Open Access Editorial

An Established Technology Gets a New Application: Reimplantation of Autologous Ovarian Tissue to Treat Menopausal Symptoms

BM Petrikovsky1*, EV Zharov2 and M Cohen3

1Chairman of Obstetrics and Gynecology, Nassau University Medical Center, USA

2Russian Federation Academy of Science, Russia

3Attending Emeritus, Hartford Hospital, USA

Corresponding Author

Received Date: April 12, 2019;  Published Date: April 18, 2019

Introduction

In 1954 and 1956, Deanesly [1] and Green, et al. [2] were one of the first to experiment with the freezing and thawing of animal ovarian tissue. In the first half of the 20th century, the art of tissue cryopreservation was at its infancy with glycerol being the only cryoprotectant available [3]. Glycerol is a poor cryoprotectant and, therefore, early research showed very limited success [4]. Additional cryoprotectants became available during the 1990s leading to successful ovarian tissue cryopreservation, transplantation, and resumption of fertility studies in animals and humans [3,5,6].
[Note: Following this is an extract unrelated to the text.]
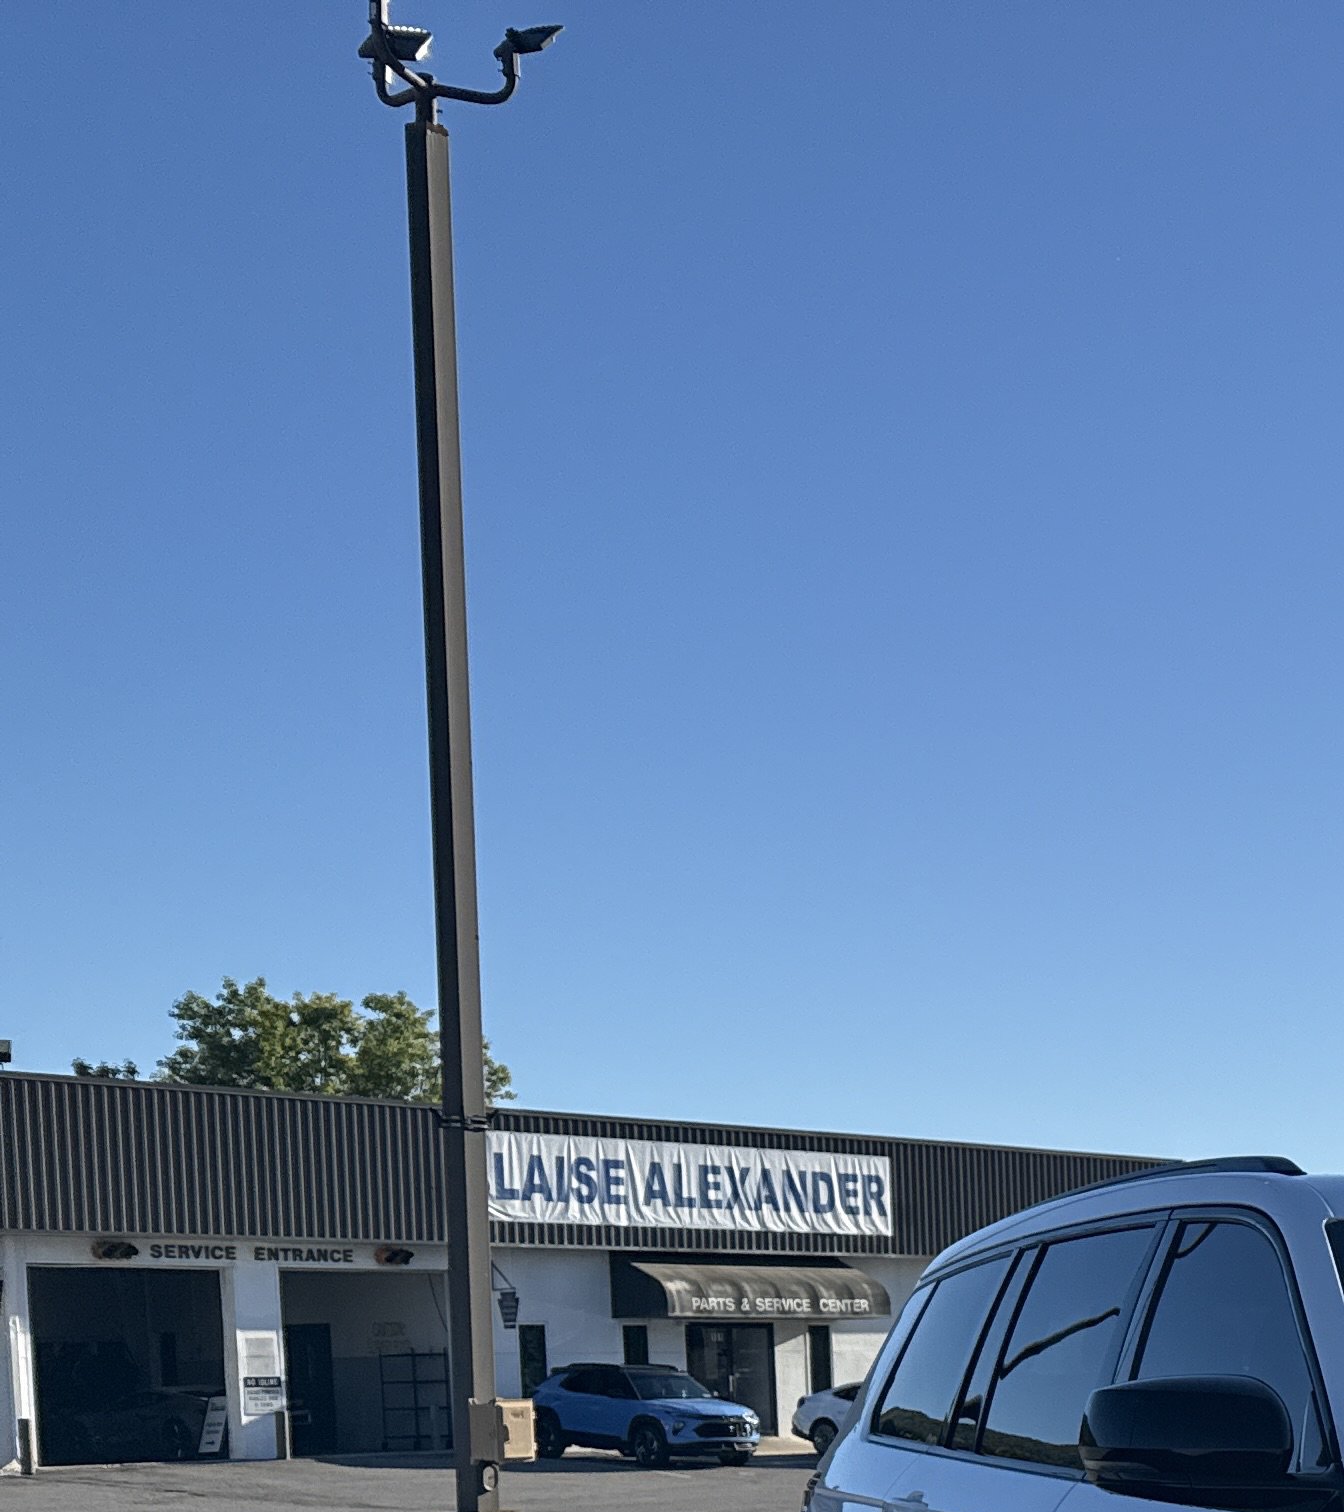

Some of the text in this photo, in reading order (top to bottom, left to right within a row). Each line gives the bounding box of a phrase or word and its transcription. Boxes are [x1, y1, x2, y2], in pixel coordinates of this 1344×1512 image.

[493, 1151, 888, 1217] LAISE ALEXANDER
[150, 1243, 354, 1263] SERVICE ENTRANCE
[692, 1296, 870, 1313] PARTS & SERVICE CENTER
In 1983, Trounson and Mohr [7] reported what appeared to be the first ever pregnancy in a human following preservation and transfer of an [8] cell embryo. This was followed by the report of the first human live birth after ovarian cryopreservation and transfer with more cases to follow [8,9]. Sonmezer and Oktay [10] performed a metanalysis, which included 21 studies on oocyte cryopreservation. They found that the mean oocyte survival rate after thaw, mean fertilization rate, and mean pregnancy rate per cryopreserved/thawed oocyte was 47%, 52.5%, and 1.52%, respectively.10 In a recent interview, Oktay, et al. [11] cited the first report of resumption of ovarian endocrine function following orthotopic transplantation of frozen banked ovarian tissue.

Summary

The preservation and autologous transplantation of endocrine glandular tissue is not limited to the ovaries. In 1977, Wells, et al. [12] introduced reimplantation of autologous cryopreserved parathyroid tissue as a treatment modality of hypoparathyroidism. Wagner, et al. [13] simplified the methods of parathyroid gland cryopreservation and storage. For cryopreservation, the parathyroid tissues were cut into cubes of 1 mm in length. The time between parathyroidectomy and replantation of cryopreserved tissue was 5 months on average (range, 0.5 to 15 months). Follow up examinations in 25 patients were performed 6 months to 120 months (median: 40 months) postoperatively. In all patients, the autografts functioned well and most of the patients did not require any additional medication [13].

Despite technical difficulties with cryopreservation at that time, pioneering research in parathyroid autotransplantation was performed in the 70s by Alveryd, et al. [14] and Wells, et al. [15,16], Alveryd, et al. [14] described six patients with primary parathyroid hyperplasia who had parathyroid autografts. In 1976, Wells, et al.15 reported an additional four patients with primary parathyroid hyperplasia who were treated by total parathyroidectomy and auto transplantation of parathyroid tissue inserted into the forearm muscle. All of these patients remained norm calcemic at 9 and 13 months, respectively. Good graft function was documented further by detection of a higher concentration of parathyroid hormone in the patients’ blood. Hormonal activity of auto transplants, if excessive, can be adjusted by removing some transplanted tissue [15]. Additional implantation can be carried out if the amount of tissue initially implanted had been insufficient or if the transplanted parathyroid tissue failed to survive. In the rat model, parathyroid isografts functioned normally after cryopreservation for up to 9-12 months [16]. Wells, et al. [15] grafted autologous parathyroid tissue, frozen for six weeks, into a patient who had had a total parathyroidectomy for renal osteodystrophy. The graft was still functioning 18 months after the procedure.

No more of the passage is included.